Lettera ad Aldo Maria Valli sul clero

di Aurelio Porfiri

Caro Aldo Maria,

noto che nei tuoi messaggi insisti molto sul clero e fai bene, in quanto noi come cattolici riconosciamo il ruolo di coloro che si consacrano in modo speciale a Dio, specialmente i sacerdoti. E tu chiedi al clero di essere degno della propria vocazione. E, di nuovo, fai bene, anche se sicuramente pure tu sei consapevole delle debolezze umane.

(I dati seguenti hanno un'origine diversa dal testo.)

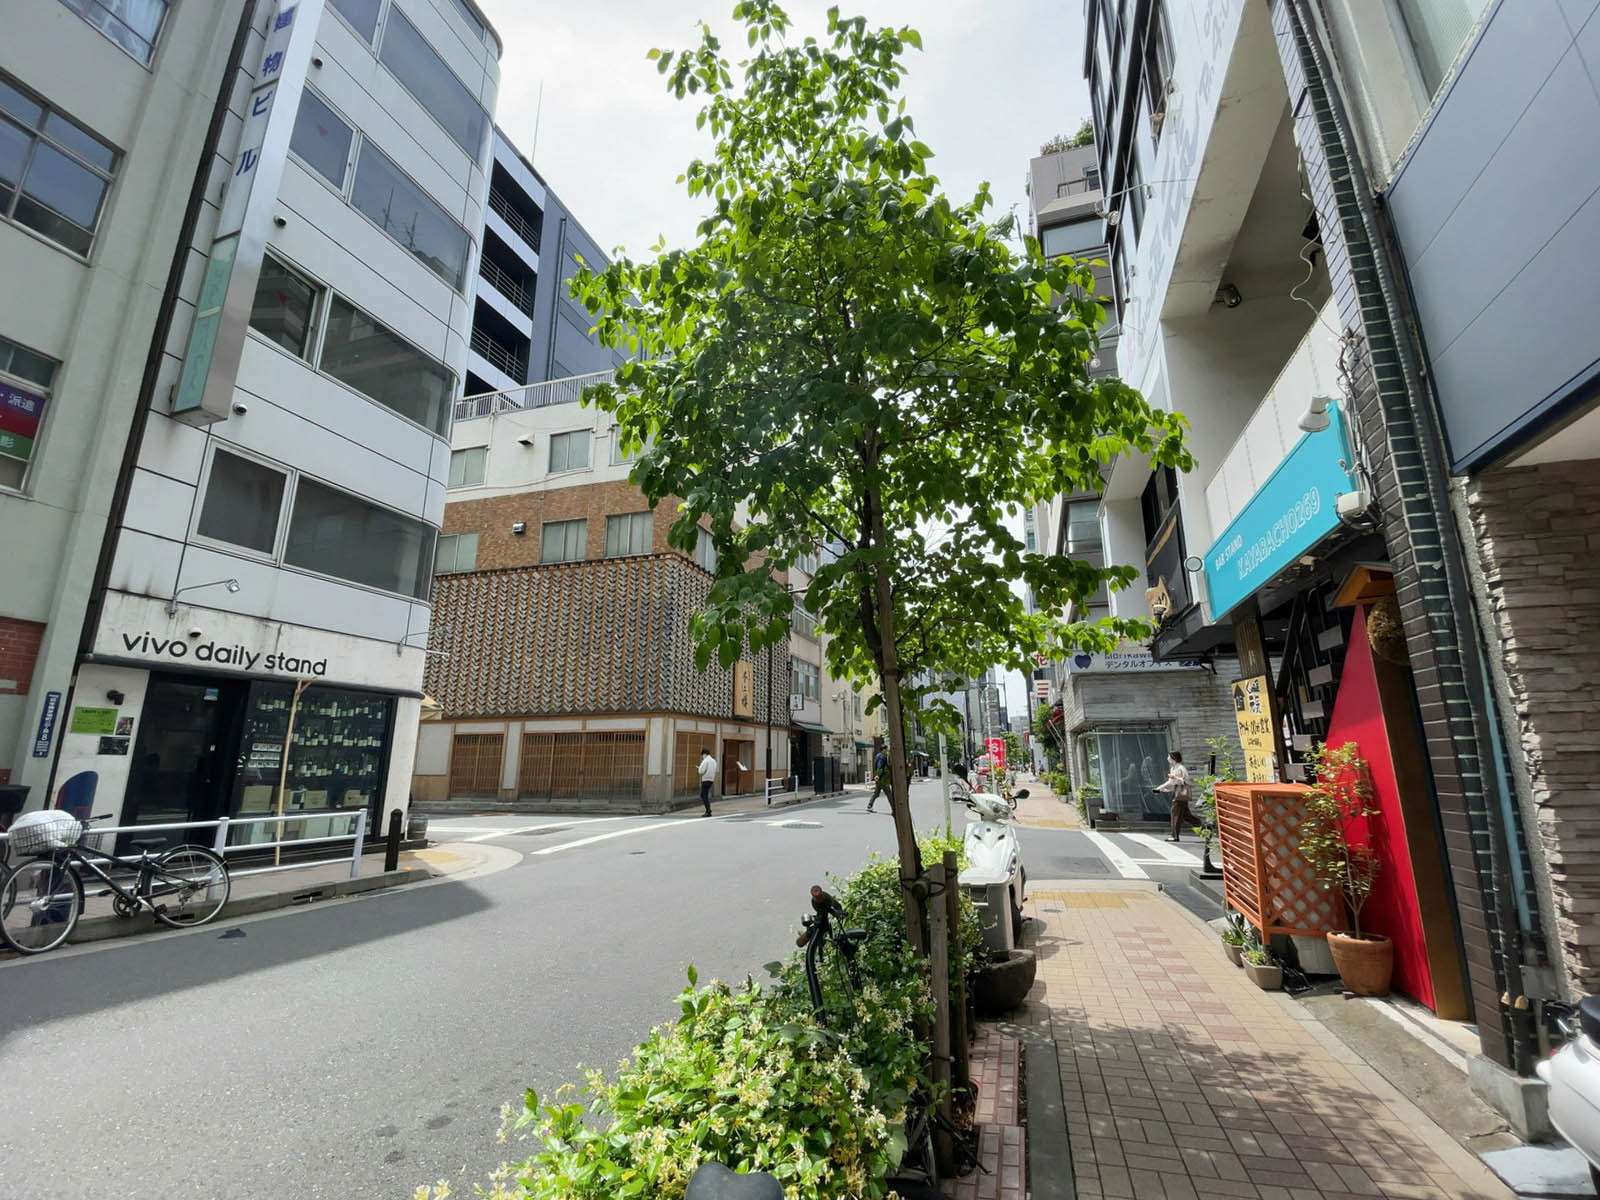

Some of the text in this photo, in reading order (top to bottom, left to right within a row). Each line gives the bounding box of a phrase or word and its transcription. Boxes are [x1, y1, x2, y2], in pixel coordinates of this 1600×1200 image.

Io, ti dico onestamente, comprendo le cadute di molto clero, anche i peccati, perché so benissimo che se io fossi giudicato in modo restrittivo certamente non ne uscirei bene. Cerco di non fare agli altri quello che non vorrei fosse fatto a me. Quando sento dell’ennesimo sacerdote scoperto con la tonaca alzata (tonaca si fa per dire, in quanto ora non la porta più nessuno) provo dispiacere ma anche compassione, perché capisco che a volte la grazia non arriva a supplire in tempo alle lacerazioni della colpa originale.

Però c’è una cosa che non riuscirò mai a capire e a giustificare. Cioè quando si incontrano sacerdoti cattivi, malvagi, degli autentici mascalzoni. Io ne ho incontrato qualcuno, ai miei tempi in Asia e anche qui in Italia. Non semplici peccatori (e lo siamo tutti) ma persone dedite al male. Ora, se un sacerdote cade nell’avere sesso è un peccatore, ma se organizza un giro di prostituzione è un delinquente. C’è una bella differenza. Eppure, cosa capita? Che questi sacerdoti non vengono privati del loro stato, ma magari spostati da una parte e dall’altra in modo che possano spargere il loro veleno ovunque. Ripeto, non si tratta di peccatori, ma di delinquenti, persone così corrotte che certamente non dovrebbero essere messe in contatto con i fedeli. Persone che spesso hanno o hanno avuto guai comprovati con la giustizia, eppure eccoli risorgere bianchi come la neve, per continuare a opprimere con il loro squilibrio mentale, emotivo e spirituale le povere pecorelle che si avvicinano ai pastori e trovano i lupi. Certo, sono una minoranza sui tanti sacerdoti di buona volontà, ma una minoranza che fa rumore, proprio perché molti non si possono spiegare come nella Chiesa si possa scambiare la giusta misericordia che si riserva ai peccatori con l’omertà che si spaccia ai delinquenti.